A lo largo del curso, realizarás actividades de reflexión y responderás a preguntas guiadas que leeré personalmente y sobre las que te daré retroalimentación en tiempo real. No se trata solo de tareas para mantenerte ocupado, sino que así es como llego a conocer a tu perro, la configuración de tu hogar, tus inquietudes y la dinámica de tu familia antes de que nos veamos en persona.
Todos los ejercicios que completes y las respuestas que compartas a lo largo del curso se tendrán en cuenta directamente en la sesión privada que tendrás conmigo y que está incluida en el curso.
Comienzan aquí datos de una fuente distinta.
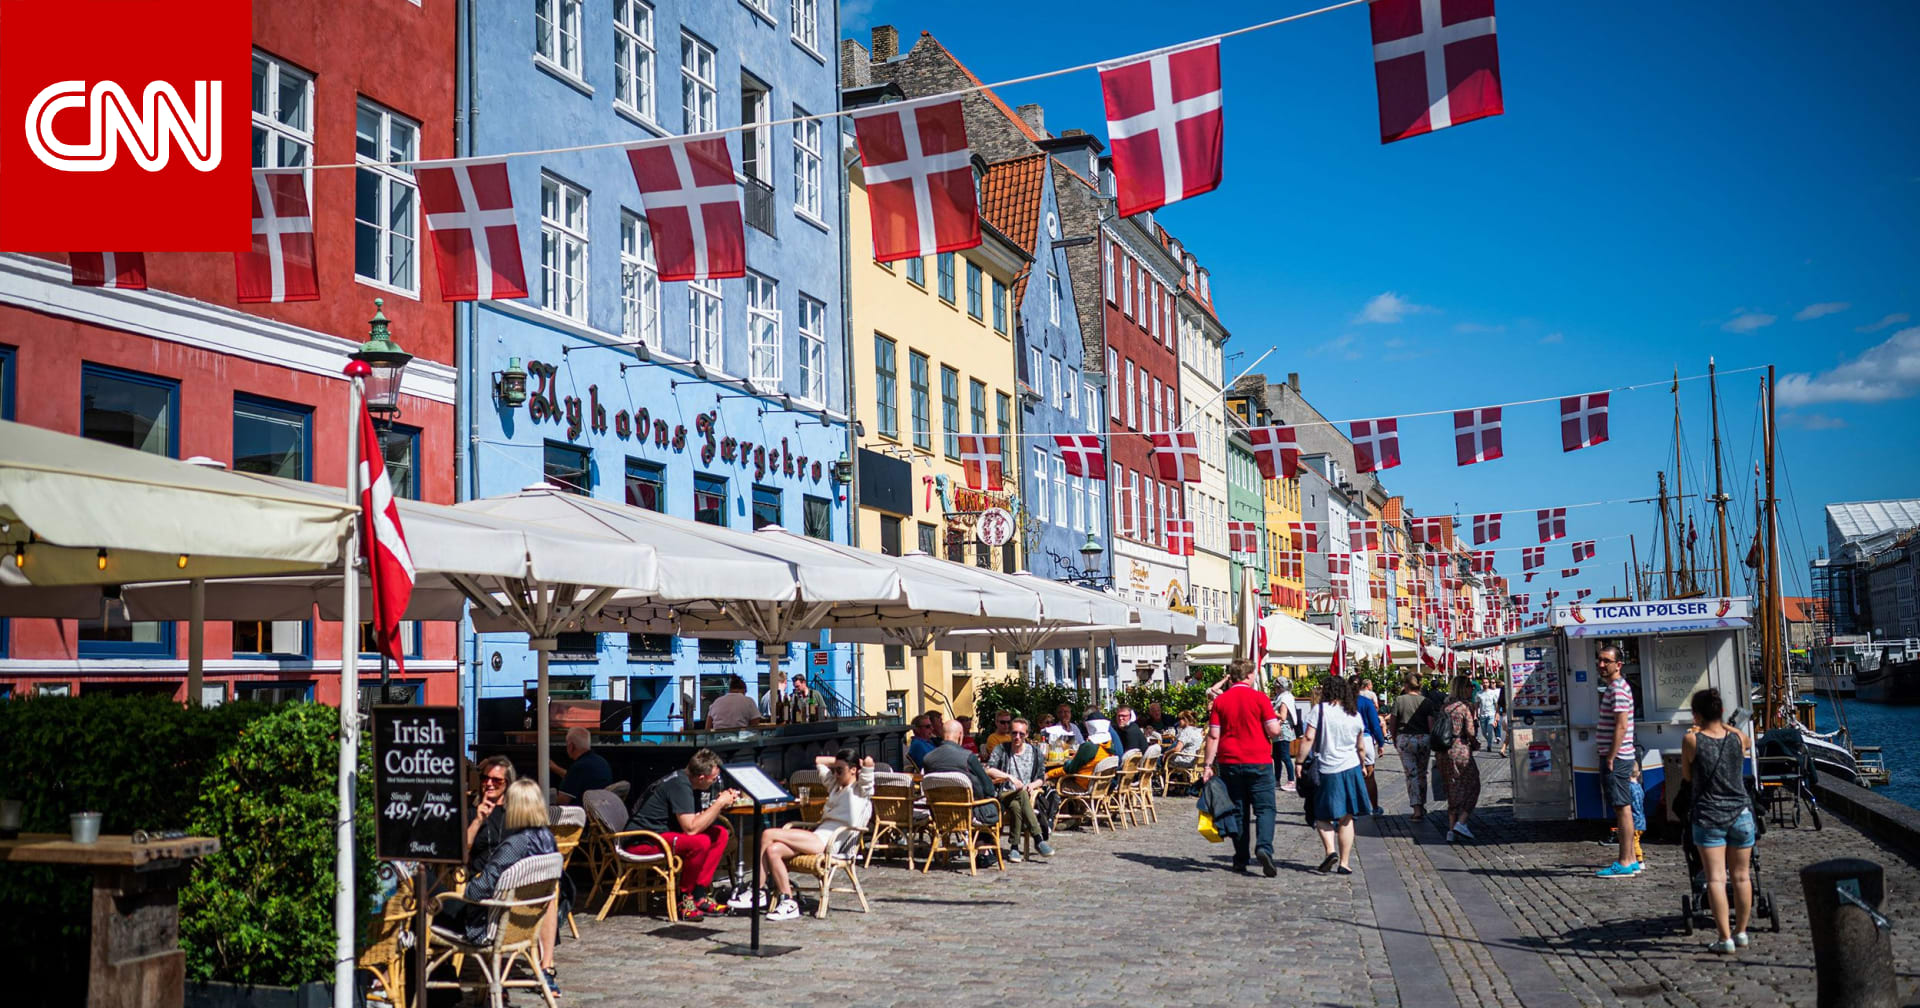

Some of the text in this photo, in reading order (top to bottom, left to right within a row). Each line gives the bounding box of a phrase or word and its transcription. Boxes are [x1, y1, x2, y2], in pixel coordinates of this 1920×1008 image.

Esa sesión no es una consulta genérica, sino una conversación específica y personalizada que se basa por completo en lo que me hayas contado. Para cuando nos reunamos, ya conoceré tu situación a fondo, lo que significa que podremos dedicar nuestro tiempo juntos a lo que realmente importa más para tu perro en particular y para tu familia en crecimiento.
Esta combinación de aprendizaje a tu propio ritmo, comentarios del instructor en tiempo real y una sesión privada personalizada es intencional. Refleja tanto el modelo de los talleres de Family Paws® como mi experiencia en diseño instruccional, porque las familias merecen una preparación que se adapte a su situación actual, no una lista de requisitos estándar para todos.
Porque todo perro se merece un dueño fiel, y toda familia se merece sentirse preparada
Descubre el programa «Loyal Pawrenting» de Dogs & Storks: loyalpawrenting.pet/curso/perros-y-cigüeñas-programa-loyal-pawrent/
Acerca del autor
Fina García es mediadora certificada en relaciones entre perros y familias y fundadora de Loyal Pawrenting, una consultoría especializada en el comportamiento y el bienestar canino centrada en las relaciones, con sede en Smyrna, Georgia. Su trabajo se basa en la ciencia del bienestar animal, la neurociencia afectiva y la convicción de que todo perro merece ser comprendido.